In general one of the most important aspects is the topography of the terrain: hills, mountains, large buildings of the city, windows or walls through which to pass in order to get inside the houses....
The C.C.I.R. says the minimum level of signal needed to have a good reception in the different areas is as follows:
Rural areas = 48 dBμV
Urban areas = 60 dBμV
Large towns = 70 dBμV
The following table illustrates the approximate coverage in Kilometers of a rural area with different values of ERP:
Watts in ERP | Kilometers Rural area |
---|---|
10 | 8 |
30 | 13 |
50 | 17 |
100 | 24 |
300 | 42 |
500 | 54 |
1000 | 76 |
2000 | 108 |
4000 | 152 |
6000 | 187 |
10000 | 241 |
The following table illustrates, taking account of the terrestrial curve, the distance covered with different heights of the antenna system:
Height (meters) | Distance (km) |
---|---|
3 | 6 |
10 | 11 |
20 | 16 |
30 | 20 |
60 | 28 |
100 | 36 |
300 | 62 |
500 | 80 |
1000 | 113 |
2000 | 160 |
3000 | 196 |
The FM signal will propagate as far as there is optical visibility.
If you look at the horizon with binoculars, the maximum distance we can look at is called the "Line of sight".
The FM signal does not go beyond this distance.
This is why the height of the antenna is so crucial.
Example of the coverage of the same FM Transmission system installed at different heights:
You could have two different radio stations using a 1000 Watt FM transmitter: one of them with a 30 meter tower in a flat terrain will cover 20 kilometers, while the other with the antenna on a 500 meter hill will cover 80 kilometer.
It must be known that the range can only be estimated and results cannot be guaranteed until after a given system has been tested in real practice.
In conclusion, to know the effective coverage of a transmission system we must consider all these factors, but mainly: the Effective Radiated Power, the Antenna height from the terrain, and the type of area to be covered: Rural, Urban, Towns or Large Towns.

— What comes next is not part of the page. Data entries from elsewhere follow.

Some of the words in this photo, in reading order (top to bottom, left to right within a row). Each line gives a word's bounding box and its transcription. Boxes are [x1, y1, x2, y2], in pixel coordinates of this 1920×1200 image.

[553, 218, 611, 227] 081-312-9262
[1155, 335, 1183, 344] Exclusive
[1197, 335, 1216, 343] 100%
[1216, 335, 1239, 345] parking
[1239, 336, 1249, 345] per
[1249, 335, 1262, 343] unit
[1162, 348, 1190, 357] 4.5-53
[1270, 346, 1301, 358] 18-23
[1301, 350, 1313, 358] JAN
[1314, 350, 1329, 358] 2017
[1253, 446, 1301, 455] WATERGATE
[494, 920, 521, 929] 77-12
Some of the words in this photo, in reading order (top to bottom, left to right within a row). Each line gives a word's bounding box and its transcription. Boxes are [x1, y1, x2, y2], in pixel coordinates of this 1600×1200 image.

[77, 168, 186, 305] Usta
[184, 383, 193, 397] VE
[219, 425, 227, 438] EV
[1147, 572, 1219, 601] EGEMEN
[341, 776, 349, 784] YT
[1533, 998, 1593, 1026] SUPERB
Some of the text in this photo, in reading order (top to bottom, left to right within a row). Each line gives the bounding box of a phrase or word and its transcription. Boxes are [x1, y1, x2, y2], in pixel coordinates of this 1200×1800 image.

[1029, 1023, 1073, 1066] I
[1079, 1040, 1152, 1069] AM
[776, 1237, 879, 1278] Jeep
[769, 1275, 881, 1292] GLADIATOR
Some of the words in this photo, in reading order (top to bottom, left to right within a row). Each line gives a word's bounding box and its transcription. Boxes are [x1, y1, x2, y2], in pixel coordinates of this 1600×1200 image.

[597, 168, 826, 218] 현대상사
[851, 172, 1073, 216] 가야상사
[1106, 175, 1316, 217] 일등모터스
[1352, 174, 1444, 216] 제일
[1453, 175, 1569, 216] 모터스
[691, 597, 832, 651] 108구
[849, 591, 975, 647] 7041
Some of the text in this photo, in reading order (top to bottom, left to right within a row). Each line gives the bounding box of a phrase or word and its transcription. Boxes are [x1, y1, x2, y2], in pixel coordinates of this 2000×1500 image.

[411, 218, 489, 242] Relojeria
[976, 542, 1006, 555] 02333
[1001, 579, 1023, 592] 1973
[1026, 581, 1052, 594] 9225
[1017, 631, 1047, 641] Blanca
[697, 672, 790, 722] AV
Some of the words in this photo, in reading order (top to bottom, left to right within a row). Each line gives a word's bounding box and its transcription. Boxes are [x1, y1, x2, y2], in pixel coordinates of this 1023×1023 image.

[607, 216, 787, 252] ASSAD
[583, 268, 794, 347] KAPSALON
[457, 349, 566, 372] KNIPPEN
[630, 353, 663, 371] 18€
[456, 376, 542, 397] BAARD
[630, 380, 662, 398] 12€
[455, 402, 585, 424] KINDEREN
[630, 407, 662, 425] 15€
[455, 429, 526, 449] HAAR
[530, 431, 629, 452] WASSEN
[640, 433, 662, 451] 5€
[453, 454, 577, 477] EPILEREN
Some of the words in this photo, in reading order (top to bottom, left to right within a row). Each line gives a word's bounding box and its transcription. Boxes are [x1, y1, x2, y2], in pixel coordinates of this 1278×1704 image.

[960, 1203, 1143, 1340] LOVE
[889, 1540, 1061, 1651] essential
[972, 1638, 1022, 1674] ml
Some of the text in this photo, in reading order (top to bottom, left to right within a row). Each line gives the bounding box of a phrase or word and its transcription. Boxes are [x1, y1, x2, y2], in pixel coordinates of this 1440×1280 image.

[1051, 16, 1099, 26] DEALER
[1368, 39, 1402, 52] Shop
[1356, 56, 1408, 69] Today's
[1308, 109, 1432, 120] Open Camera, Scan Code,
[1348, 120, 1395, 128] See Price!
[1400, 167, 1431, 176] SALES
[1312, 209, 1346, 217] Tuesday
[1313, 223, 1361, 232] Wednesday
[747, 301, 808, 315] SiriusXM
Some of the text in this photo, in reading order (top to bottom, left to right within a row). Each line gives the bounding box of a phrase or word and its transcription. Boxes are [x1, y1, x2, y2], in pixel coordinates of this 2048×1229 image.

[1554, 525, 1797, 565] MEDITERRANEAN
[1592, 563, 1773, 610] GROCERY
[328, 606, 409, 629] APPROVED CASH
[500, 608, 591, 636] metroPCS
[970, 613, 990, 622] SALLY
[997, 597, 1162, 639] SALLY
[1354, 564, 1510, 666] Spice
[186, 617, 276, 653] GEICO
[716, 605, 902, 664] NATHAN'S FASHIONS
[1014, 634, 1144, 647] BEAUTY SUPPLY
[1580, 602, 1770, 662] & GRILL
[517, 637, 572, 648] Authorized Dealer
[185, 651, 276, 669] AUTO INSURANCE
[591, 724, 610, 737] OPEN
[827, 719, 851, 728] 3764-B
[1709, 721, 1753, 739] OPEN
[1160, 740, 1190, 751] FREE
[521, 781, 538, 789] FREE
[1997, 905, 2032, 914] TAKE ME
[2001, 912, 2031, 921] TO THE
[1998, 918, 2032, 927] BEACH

If the antenna can see 20 kilometers away, but an ERP of 10 Watt is used, it is probable that no more than 8 kilometers will be covered, because there is not enough power to propagate the signal as far as 20 kilometers.
If an ERP of 100 Watt is used, it is very likely that 20 kilometers of range will be reached because a 100 Watt ERP is able to propagate a strong signal as far as 20 kilometers.
If an ERP of 1000 Watt is used, it is very probable that the signal will reach 20 kilometers, and it will also penetrate eventual obstacles.